My wonderful husband, who is not tethered to the house, and manages his schedule pretty much however he pleases, was fully on board with my plan. He’d actually been encouraging me to take a trip like this for years, but I hadn’t felt ready until now, and I couldn’t get it planned fast enough. Within a week, I had purchased a plane ticket, made a hotel reservation for 4 nights in London, and began dreaming about my solo adventure. For the first time since having kids, I would be getting an extended break. This was really happening, and I was absolutely elated.
About a week before the trip, I began to prepare for my upcoming absence.
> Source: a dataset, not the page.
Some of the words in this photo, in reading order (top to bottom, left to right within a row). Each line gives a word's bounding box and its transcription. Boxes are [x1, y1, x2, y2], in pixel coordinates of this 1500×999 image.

I filled the freezer with chicken nuggets, wrote copious notes about basketball practice and garbage pick-up, gave my twins texting privileges on the iPad, and took out one little suitcase. But then something changed.
I’m not sure how or when it happened, but at some point during that week, my excitement changed to anxiety. Instead of feeling inspired and independent, my heart suddenly ached with thoughts of not seeing the kids off in the morning or kissing them goodnight. Of not being available to chat with my teen daughter, or manage my 12 year old’s Type 1 Diabetes. Somehow, my eagerness to break the tethers that bound me to my house and family was replaced with worry and sadness.
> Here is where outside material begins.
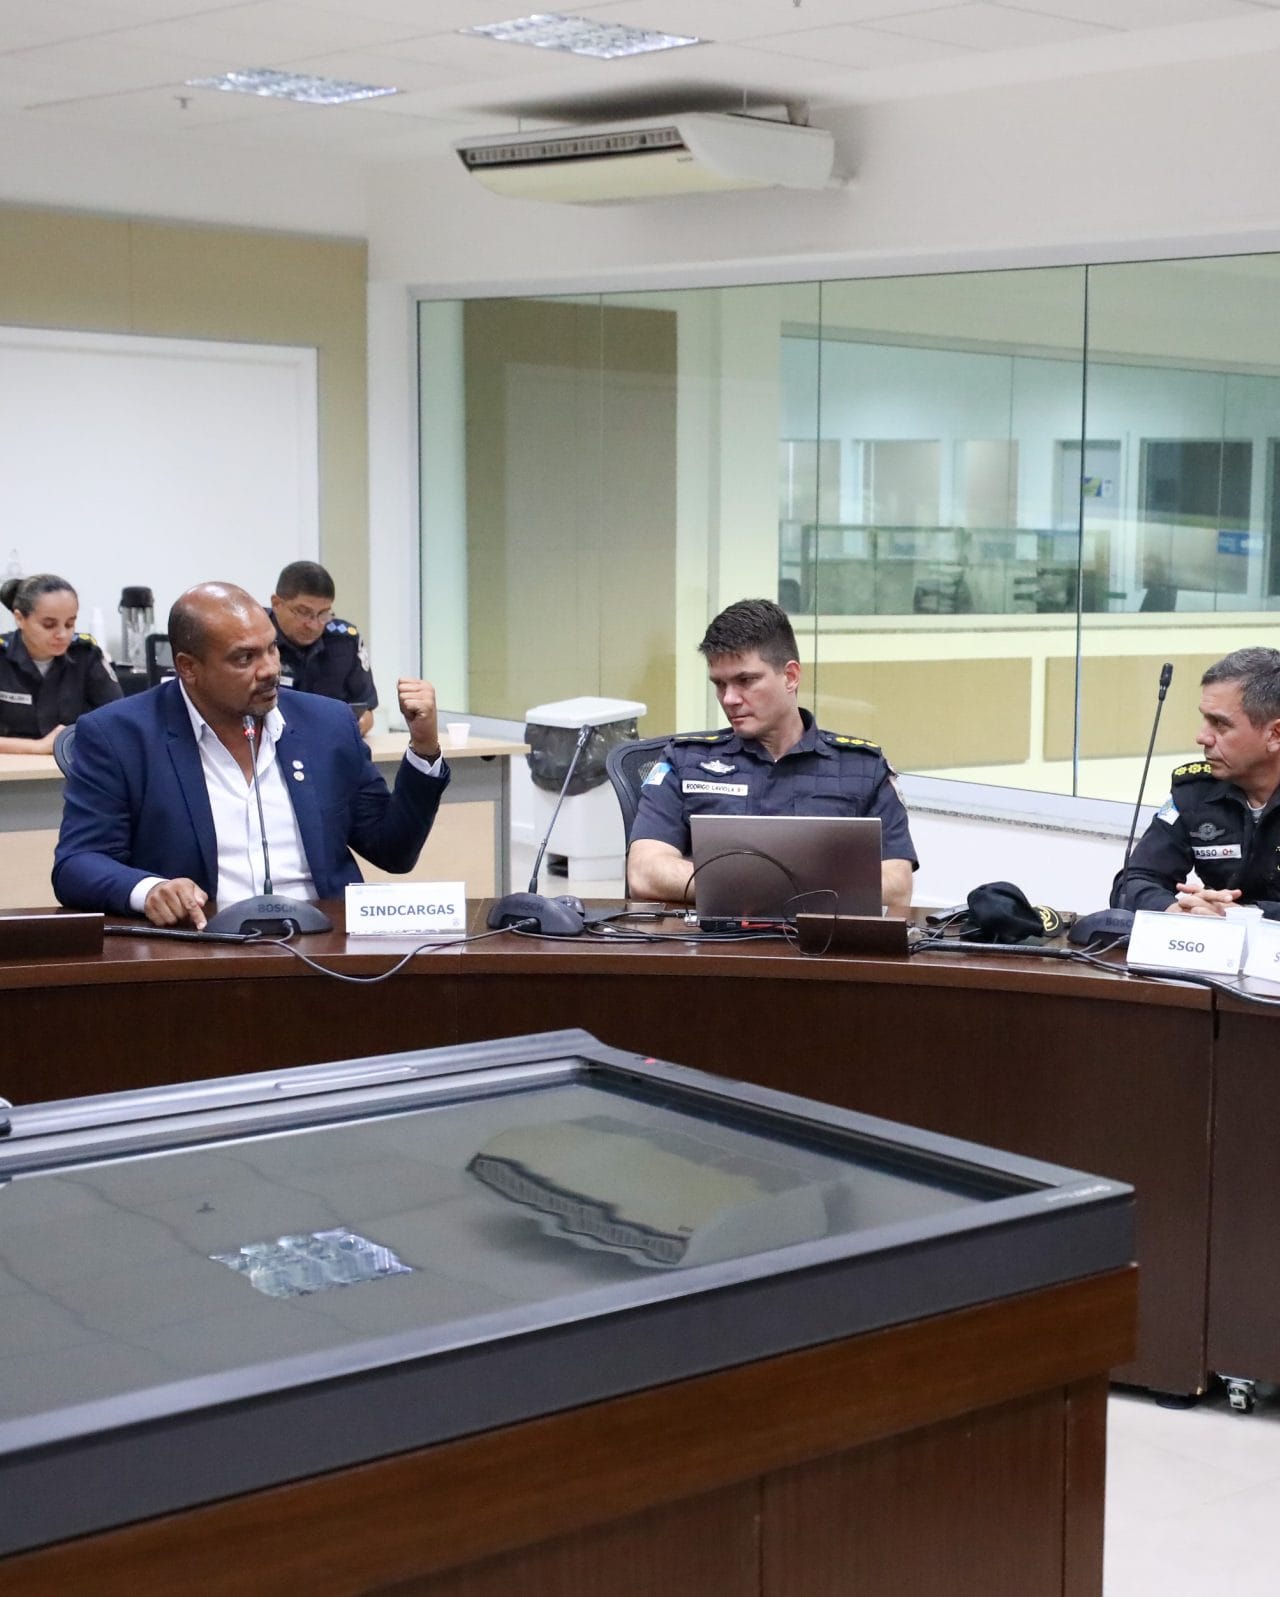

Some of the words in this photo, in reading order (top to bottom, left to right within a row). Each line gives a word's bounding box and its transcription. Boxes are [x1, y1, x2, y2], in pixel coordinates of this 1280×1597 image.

[257, 903, 297, 913] BOSCH
[360, 903, 455, 917] SINDCARGAS
[1105, 917, 1132, 928] BOSC
[1168, 939, 1206, 954] SSGO
In the hours before the kids came home from school to see me off, I ate lunch twice, and then downed 3 bowls of gluten-free Cocoa Krispies. I tearfully packed my carry-on and vacuumed the family room floor one last time. My heart felt too connected to go, but I knew I was leaving anyway. I held my husband’s hand and cried the entire way to the airport. I chided myself for turning this amazing opportunity into some sort of stressful chore. What was wrong with me? Couldn’t I understand how lucky I was?
As it turned out, there was nothing wrong with me. By the time the plane landed, I had napped and watched two movies without interruption. I was already having so much fun, and my trip hadn’t even started yet. Over the next 4 glorious days, I discovered London and spent quality time with my sister-in-law. I wandered in and out of coffee shops, browsed markets, and explored history. I slept alone in my own hotel room. I went where I wanted, when I wanted. I was untethered.
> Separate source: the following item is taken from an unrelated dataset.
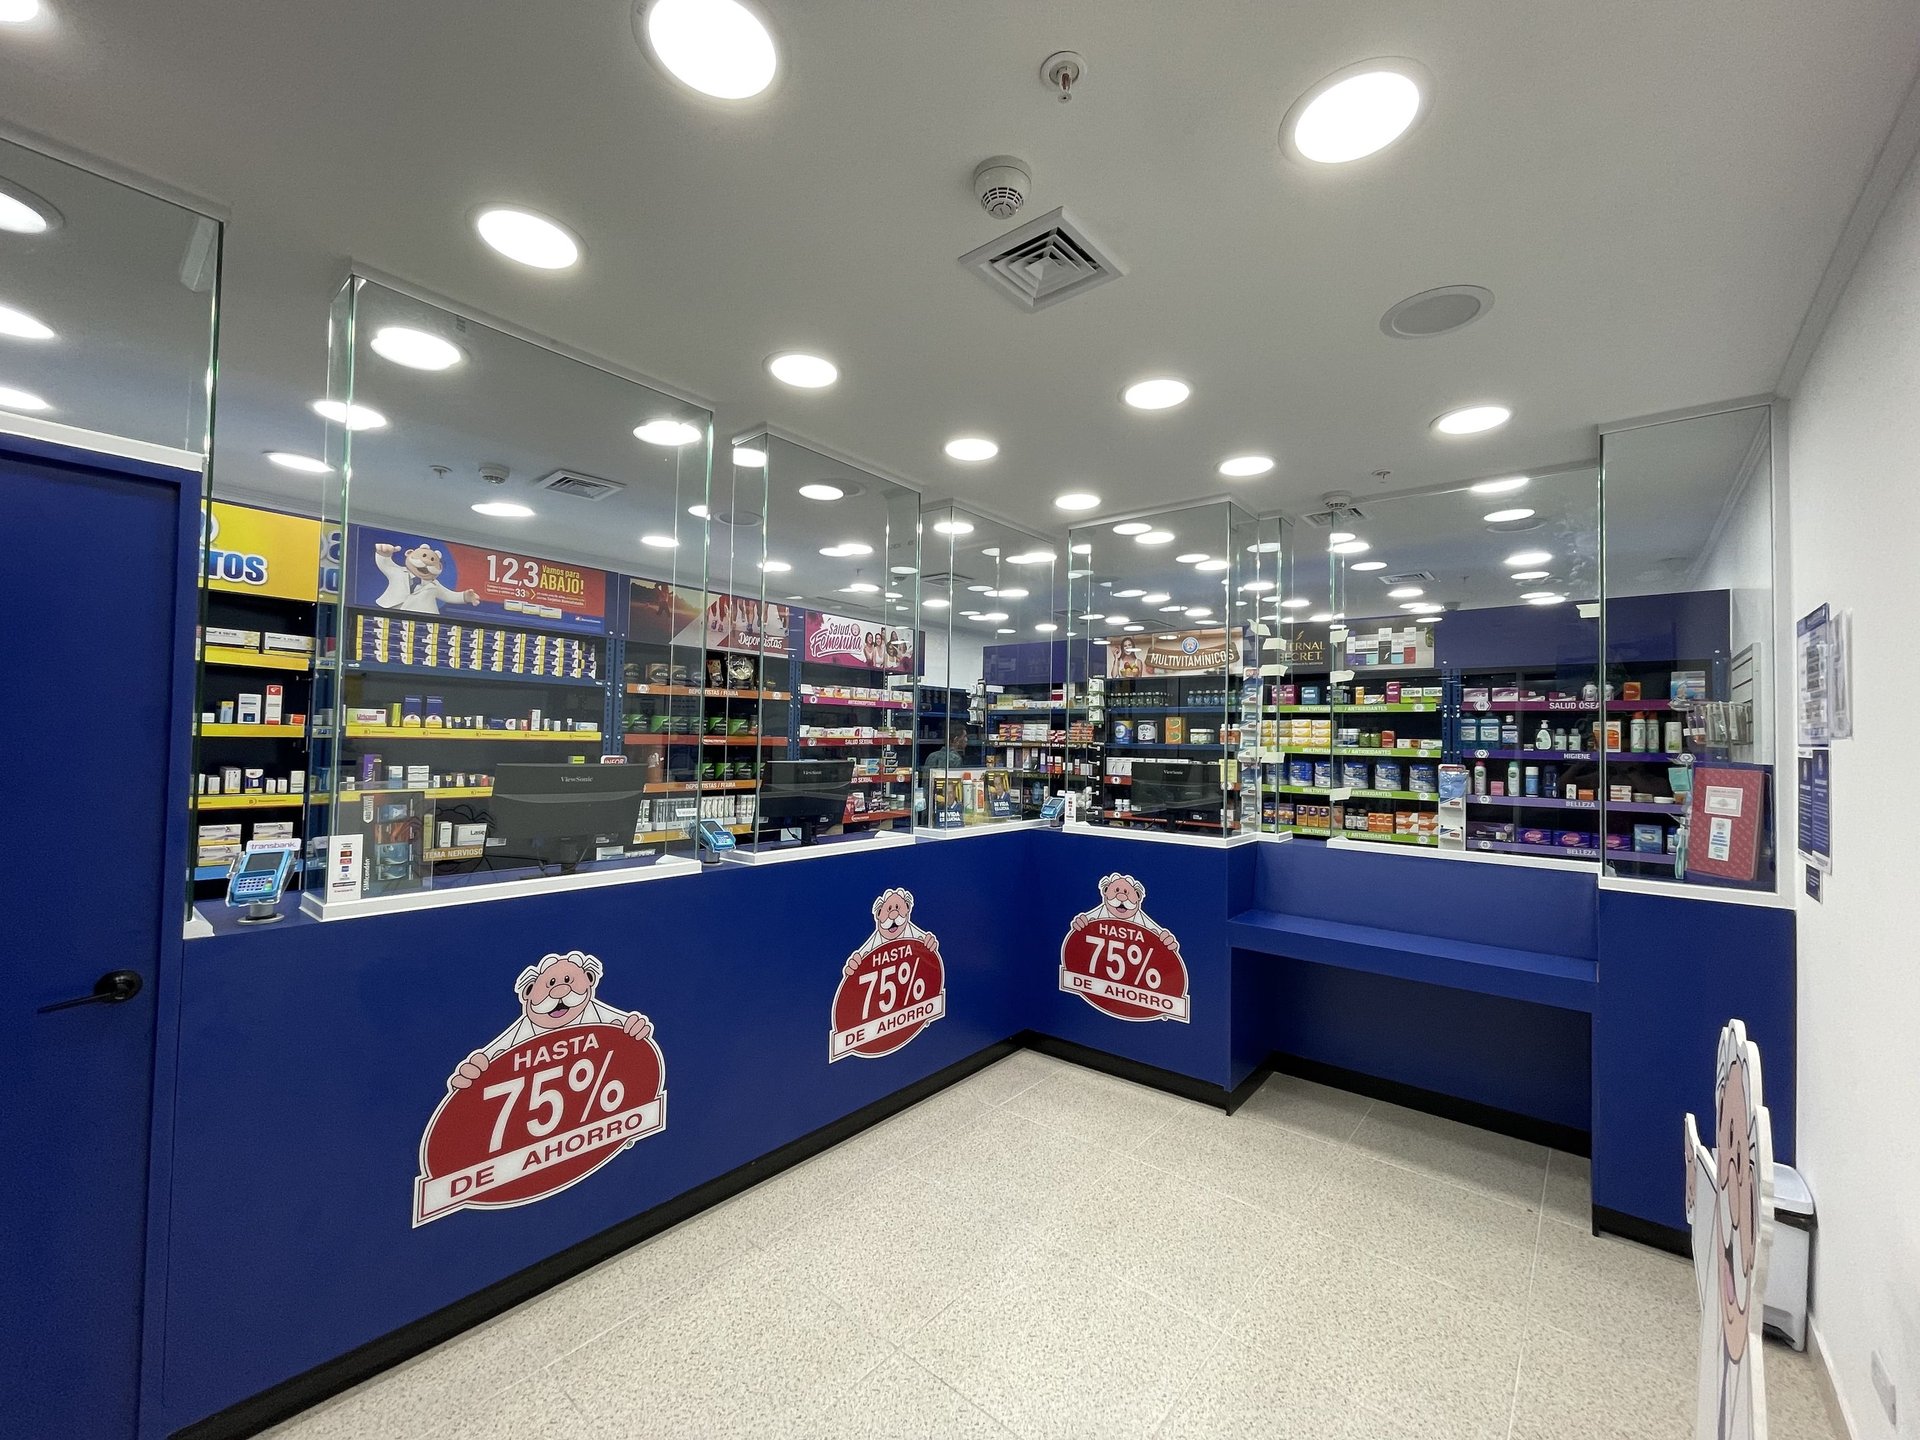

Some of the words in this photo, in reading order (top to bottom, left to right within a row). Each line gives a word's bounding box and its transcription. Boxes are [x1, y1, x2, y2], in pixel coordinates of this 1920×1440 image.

On the plane ride home, my heart ached for my husband and kids. After 5 days away, I missed them in a way that I had never felt before, but this time, it came from a sweet place deep inside. I couldn’t wait to get home. While I was gone, my middle schooler showered, managed his Diabetes perfectly, and everyone wore clean underpants. They missed me, as I did them, but I now believe that this break may have taught us all some important lessons. My kids now know that Mom needs to get away sometimes, and that Dad knows how to heat up chicken nuggets. My husband learned that he can work full-time and be a stay-at-home dad, for short periods of time at least. I learned that my family can survive a few days without me, and that I actually am the only one who cares about having clean toilets.
Most importantly, I learned that as moms, our connections to our families go far deeper than we realize. Our nurturing of and responsibilities to them become critical parts of our identities, shaping us as women, and as people. So when the timing is right, go take your own break, whether it’s an hour, a day, or a week, and cry if you need to. Your heart is in exactly the right place.
Abby Helman Kelly is a married mom of four living in Simsbury, CT. She is the owner of www.glutenfreeconnecticut.com, the state’s most comprehensive and up-to-date gluten-free resource. She can be reached at firstname.lastname@example.org.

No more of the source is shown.